Last week, July29th- August 6th, I went on an unforgettable journey into the land of the Incas, Peru.
The trip was organized by Orient Express, http://www.orient-express.com. And I must say it was a very well organized trip. It was also very relaxing for my mom which is good given the fact that we were in high altitudes and were traveling through a developing nation.
The guides made sure we averted crowds and took us on easy walks rather than rushing from site to site. Every hotel we stayed at was owned or run by Orient Express and the meals provided or recommended by Orient Express were indeed very delicious!
We arrived in Lima at night on Continental Airlines, which I must say is one of the better US Carriers that I have experienced. And stayed 1 night in the Miraflores Park Hotel. The next morning we boarded a LAN Peru flight to Cuzco where we checked into the Hotel Monasterio, an old 16th century Monastery that was converted into a hotel. It received many awards for best service in South America however we didnt experience this service until our last day, due to the independence week holiday.
The next 2 days were spent exploring Cuzco and the surrounding area, mainly looking at old Inca streets, walls and ruins. Sites such as the Cathedral in the Plaza de Armas, Koricancha an Inca sun temple where the Spanish built a church atop of only to have the church be destroyed by an earthquake revealing the ruins below. We also visited Sacsayhuaman (pronounced SexyWoman) and ancient Inca temple and fortress of sorts, constructed with large stones. This is also where we got a great overview of Cuzco City. We visited Quenqo and Tambomachay. Tambomachay is where we saw Inca fountains that still worked. We also visited the Temple of Mother Earth which was a mound of stone with a cave like shrine and an altar in it. Here is also where we witnessed offerings to the gods which included the fetus of a Llama.
They organized it this way so that we could get acclimated to the high altitude before descending to Machu Picchu where a lot of walking was required.
After 3 days in Cuzco we boarded the Hiram Bingham Train at the Poroy station and embarked on a scenic 3.5 hour train ride to Aguas Calientes, the town below Machu Picchu. We then spent 2 days at Machu Picchu and stayed at the Machu Picchu Sanctuary Lodge, the only hotel right next to the site. More on Machu Picchu in my next post!
On the 5th day we boarded an evening train to Ollyantaytambo, the town in the Sacred Valley where we checked into the Hotel Rio Sagrado (hotel sacred river). A nice quaint little villa/ cottage style hotel next to the scared Urumbamba River.
The next day we toured the Sacred Valley and visited Inca Ruins in Pisac. It was called the Sacred Valley for its fertile land where most of the potato and corn in the country was grown in the Inca times.
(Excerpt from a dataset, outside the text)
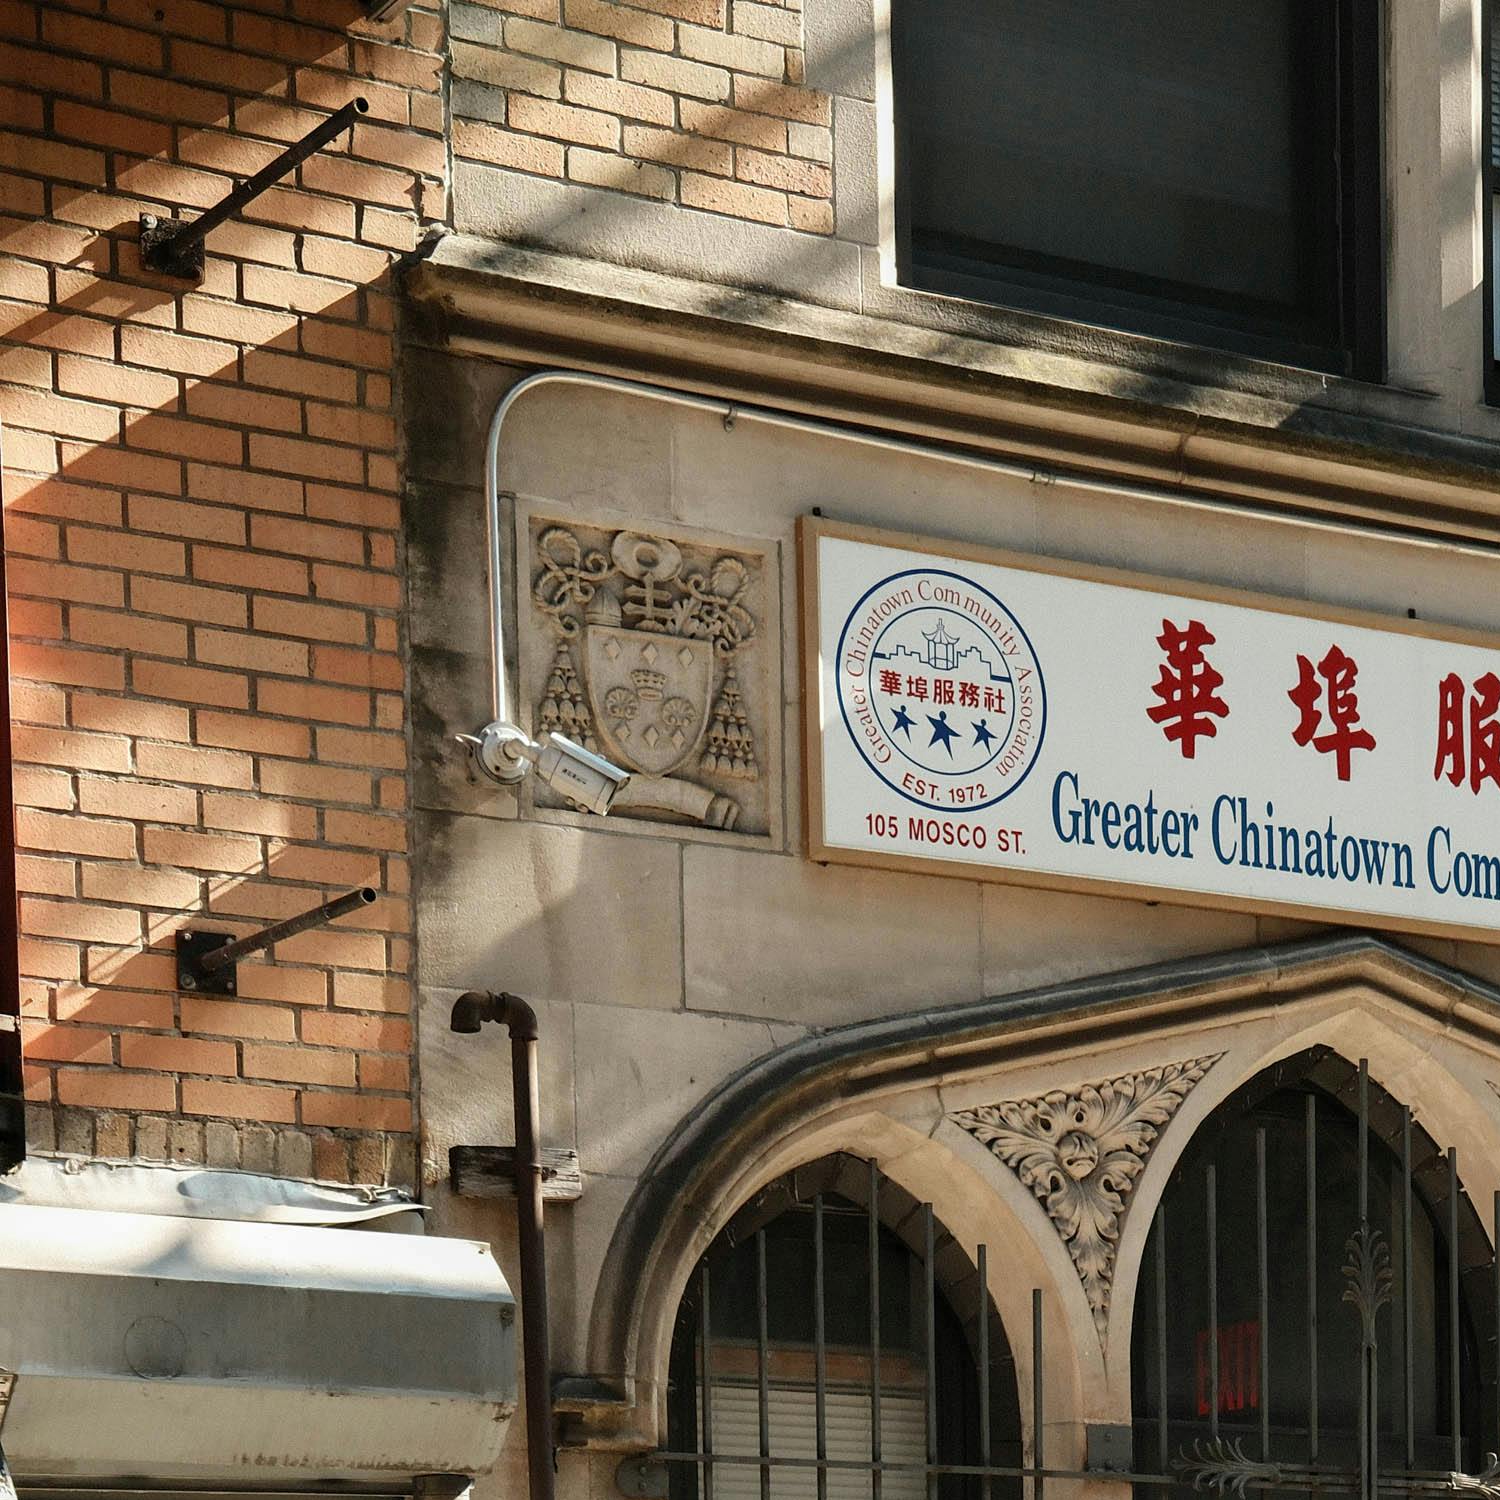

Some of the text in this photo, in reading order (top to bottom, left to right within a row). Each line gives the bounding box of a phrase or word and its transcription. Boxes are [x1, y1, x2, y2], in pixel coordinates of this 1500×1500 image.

Peru was the nation that officially domesticated the more than 3000 types of potatoes and more than 500 types of corn that we are so familiar with in our day to day diets now.
For lunch we drove up a mountain into a plot of land owned by a foreign landlord who came to Peru in the late 19th early 20th century, we drove to his main estate where we had a delicious lunch prepared with local ingredients.
We then toured a local Peruvian/ Inca house in Ollyantaytambo, where we saw how the Inca descendants lived.
On the last day we boarded a flight back to Lima, where we spent an afternoon touring Old City Lima and the Presidential Palace. Lima has many colorful colonial buildings with its famous wood carved balconies. We also visited a modern mall that was built on a cliff in Miraflores. Then we boarded our late night flight back to Newark.
The 8 day 7 night journey to Lima, Cuzco, and the Sacred Valley was well worth the time, money and effort. It was made even better by the well organized Orient Express who’s guides don’t babble on about puny details that you are bound to forget but rather get to the point and make sure you understand and will remember the key facts about each site and the Inca culture.
I highly recommend using Orient Express for a journey across exotic lands such as Myanmar or Peru, they really do make you feel comfortable and you are able to take in and enjoy the country for what it is.